• What to produce: What must be handed in is the entire listing, exactly as written, with no pictures.

□ □ □ □ □ □ □

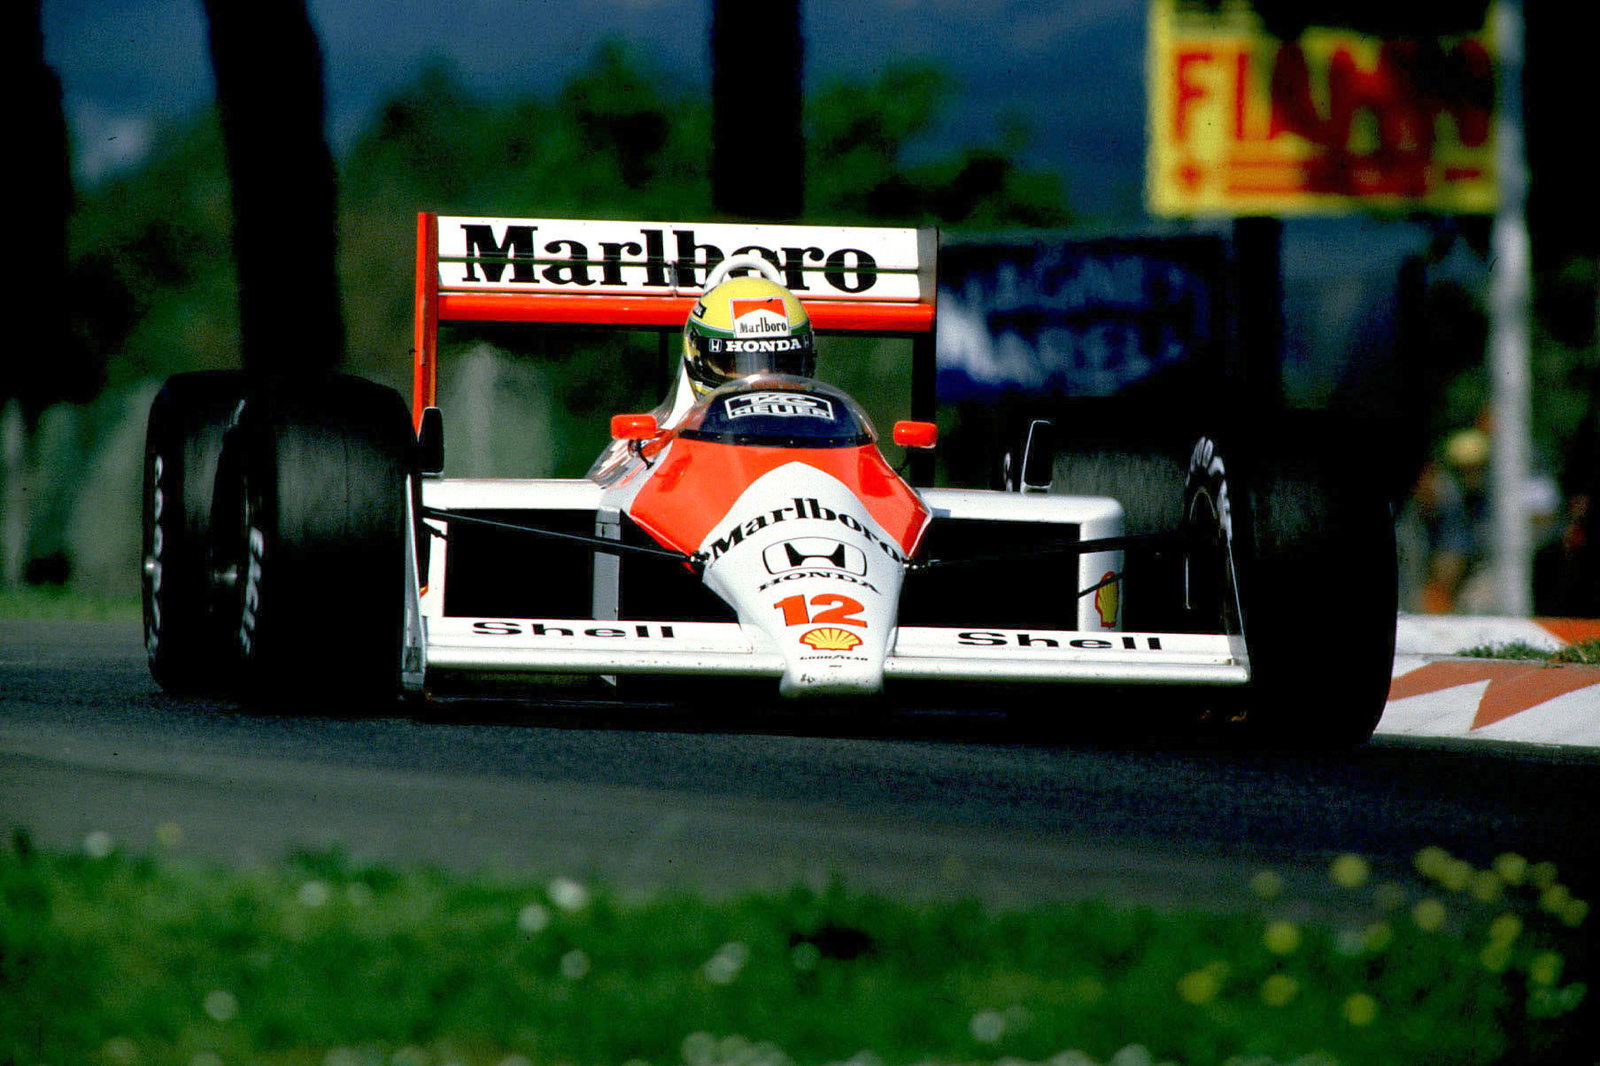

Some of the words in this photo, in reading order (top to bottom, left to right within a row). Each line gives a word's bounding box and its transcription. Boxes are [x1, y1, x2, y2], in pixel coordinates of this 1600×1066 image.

[739, 317, 787, 334] Marlboro
[725, 339, 802, 353] HONDA
[708, 497, 901, 568] Marlboro
[758, 571, 882, 596] HONDA
[773, 593, 868, 628] 12
[472, 621, 675, 639] Shell
[957, 631, 1163, 651] Shell

□ □ □ □ □ □ □

• Output below:
Some of the words in this photo, in reading order (top to bottom, left to right within a row). Each line gives a word's bounding box and its transcription. Boxes are [x1, y1, x2, y2], in pixel coordinates of this 1600×1066 image.

[739, 317, 787, 334] Marlboro
[725, 339, 802, 353] HONDA
[708, 497, 901, 568] Marlboro
[758, 571, 882, 596] HONDA
[773, 593, 868, 628] 12
[472, 621, 675, 639] Shell
[957, 631, 1163, 651] Shell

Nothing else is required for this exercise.